**Exercise data**.
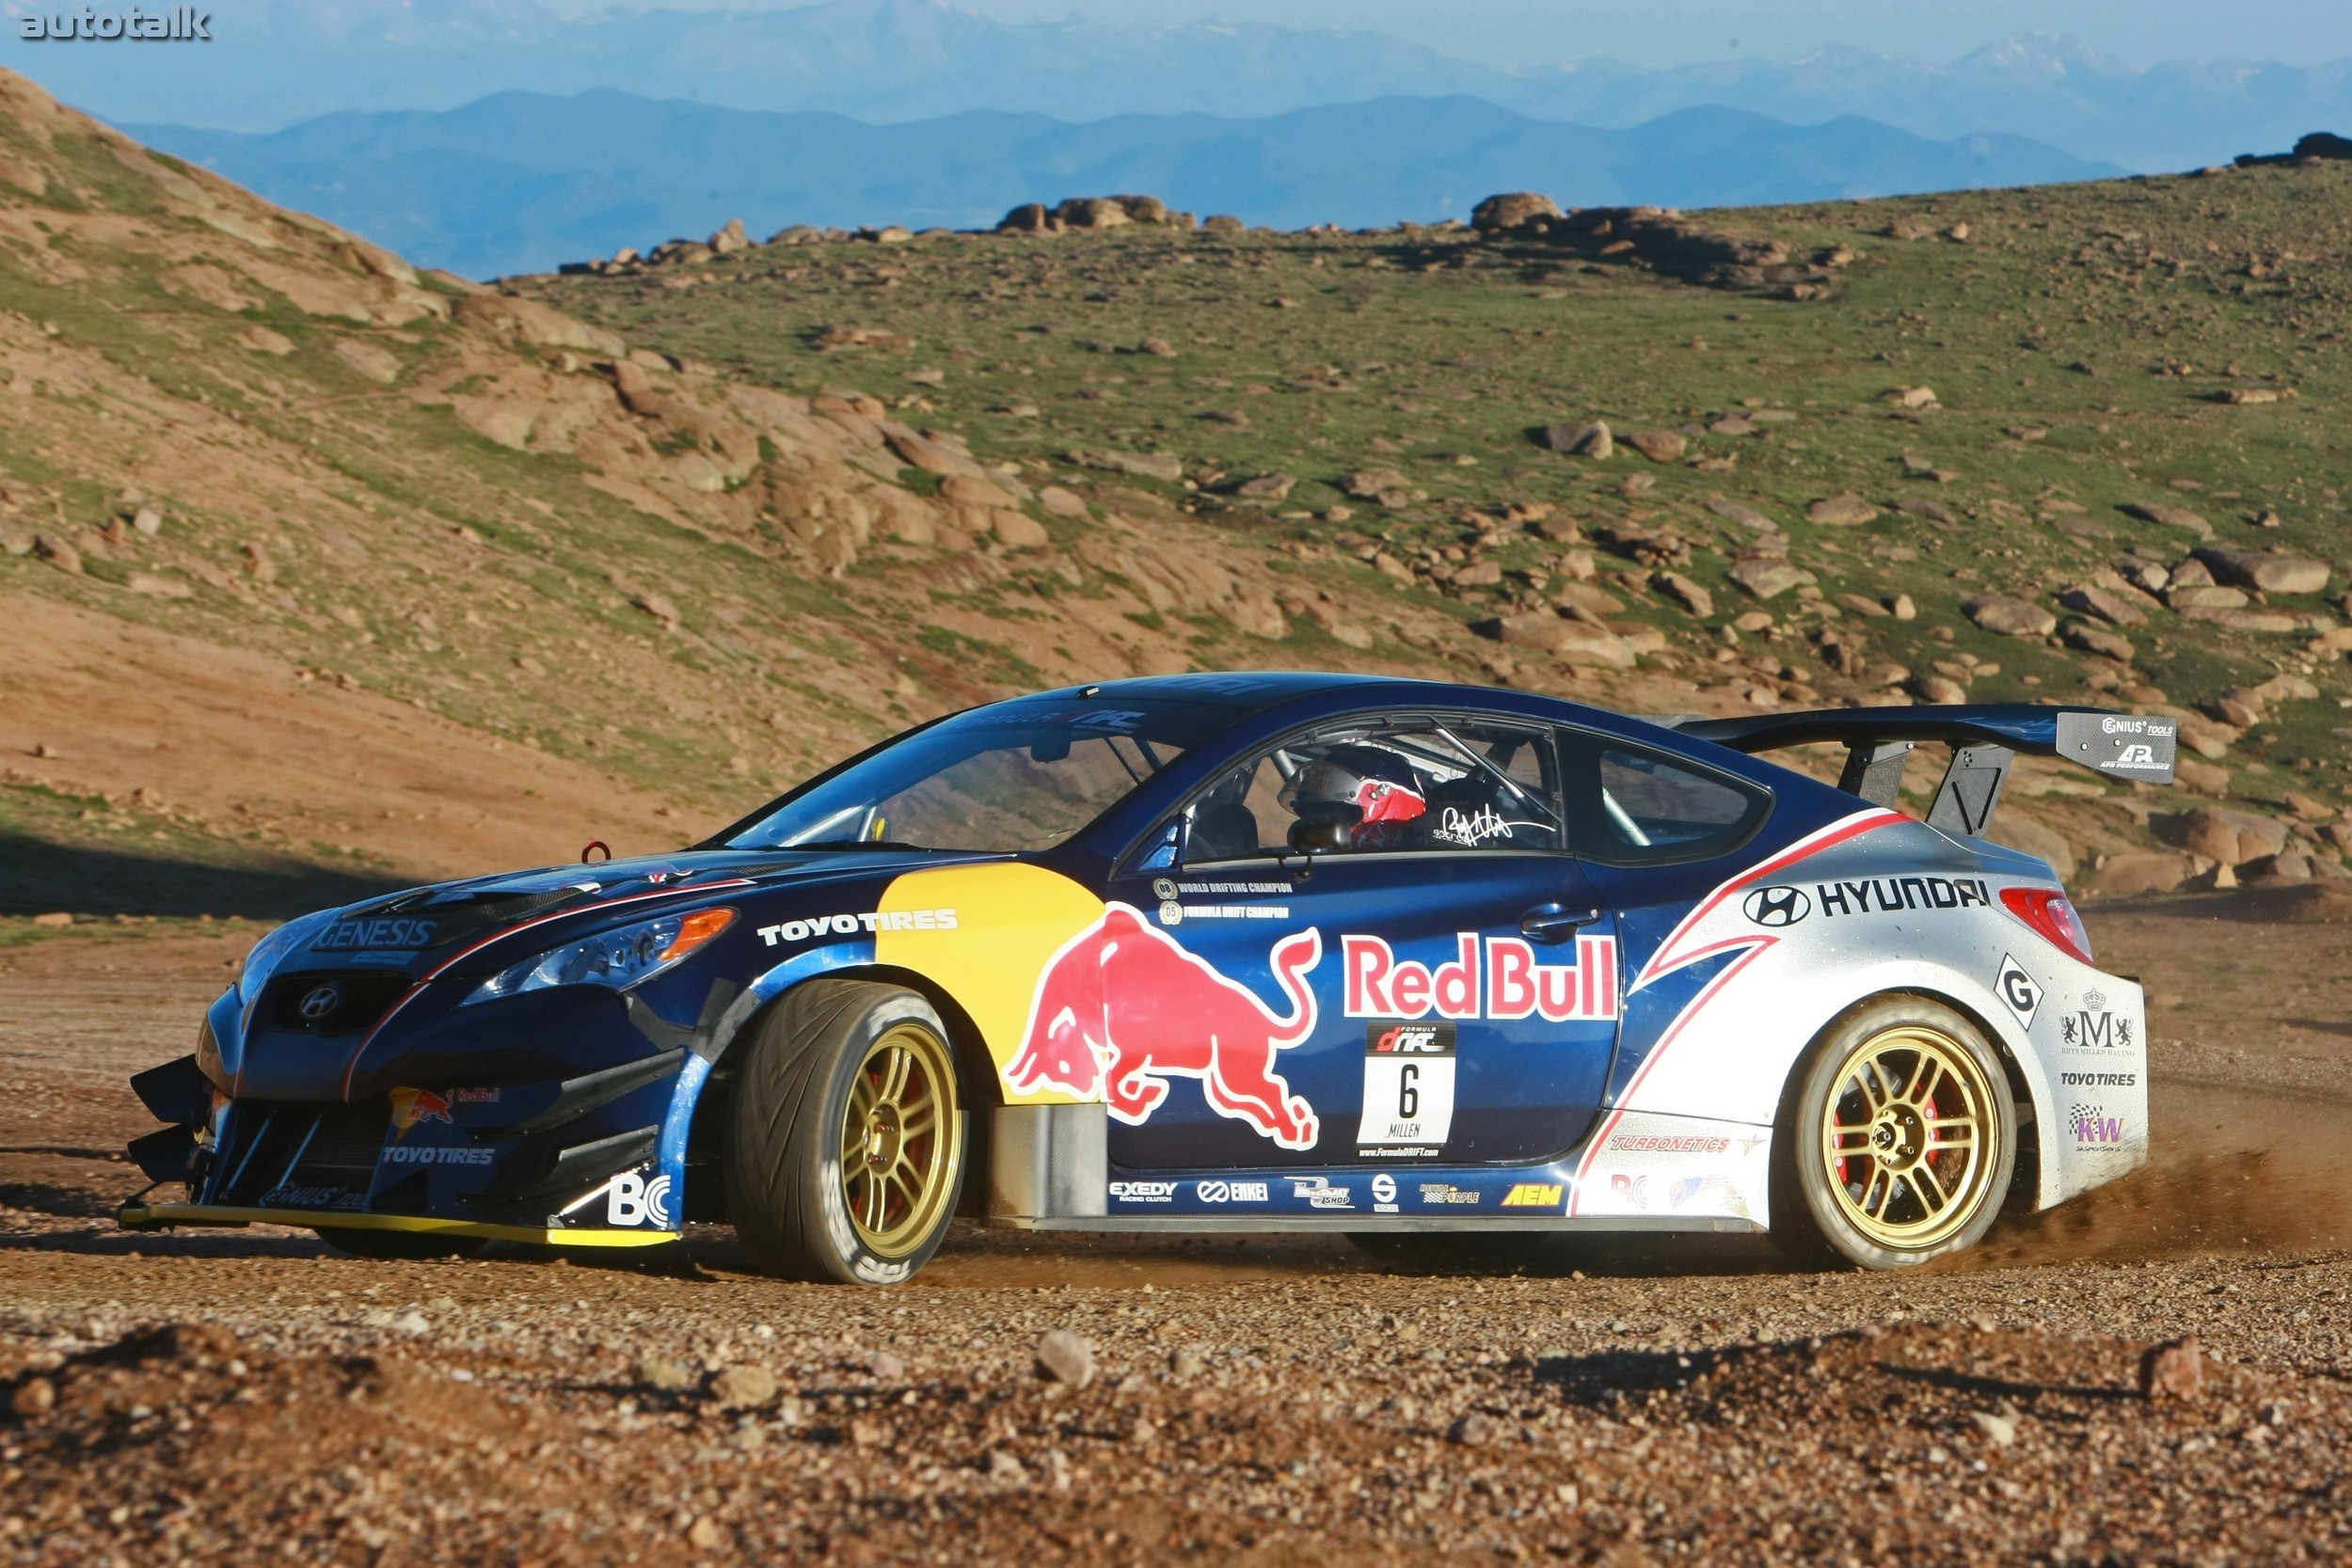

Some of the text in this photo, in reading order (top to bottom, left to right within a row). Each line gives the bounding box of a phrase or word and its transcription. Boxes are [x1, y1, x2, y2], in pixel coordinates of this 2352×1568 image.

[2147, 725, 2173, 736] TOOLS
[1159, 882, 1293, 894] 08 WORLD DRIFTING CHAMPION
[1817, 878, 1992, 917] HYUNDAI
[1166, 906, 1289, 919] 05 FORMULA DRIFT CHAMPION
[316, 918, 437, 948] GENESIS
[1342, 932, 1618, 1022] Red Bull
[2003, 970, 2035, 1012] G
[2076, 1010, 2117, 1048] M
[2106, 1049, 2136, 1057] RACING
[1399, 1064, 1419, 1119] 6
[1387, 1124, 1421, 1138] MILLEN
[2077, 1117, 2123, 1142] KW
[1359, 1147, 1439, 1157] www.FormulaDRIFT.com
[1611, 1135, 1731, 1152] TURBONETICS
[1109, 1181, 1178, 1196] EXEDY
[1231, 1182, 1268, 1202] ENKEI
[1441, 1192, 1480, 1203] PURPLE
[1501, 1183, 1563, 1207] AEM

**Directions**. Give the listing again word for word. Skip every image.

**Exercise answer**.
Some of the text in this photo, in reading order (top to bottom, left to right within a row). Each line gives the bounding box of a phrase or word and its transcription. Boxes are [x1, y1, x2, y2], in pixel coordinates of this 2352×1568 image.

[2147, 725, 2173, 736] TOOLS
[1159, 882, 1293, 894] 08 WORLD DRIFTING CHAMPION
[1817, 878, 1992, 917] HYUNDAI
[1166, 906, 1289, 919] 05 FORMULA DRIFT CHAMPION
[316, 918, 437, 948] GENESIS
[1342, 932, 1618, 1022] Red Bull
[2003, 970, 2035, 1012] G
[2076, 1010, 2117, 1048] M
[2106, 1049, 2136, 1057] RACING
[1399, 1064, 1419, 1119] 6
[1387, 1124, 1421, 1138] MILLEN
[2077, 1117, 2123, 1142] KW
[1359, 1147, 1439, 1157] www.FormulaDRIFT.com
[1611, 1135, 1731, 1152] TURBONETICS
[1109, 1181, 1178, 1196] EXEDY
[1231, 1182, 1268, 1202] ENKEI
[1441, 1192, 1480, 1203] PURPLE
[1501, 1183, 1563, 1207] AEM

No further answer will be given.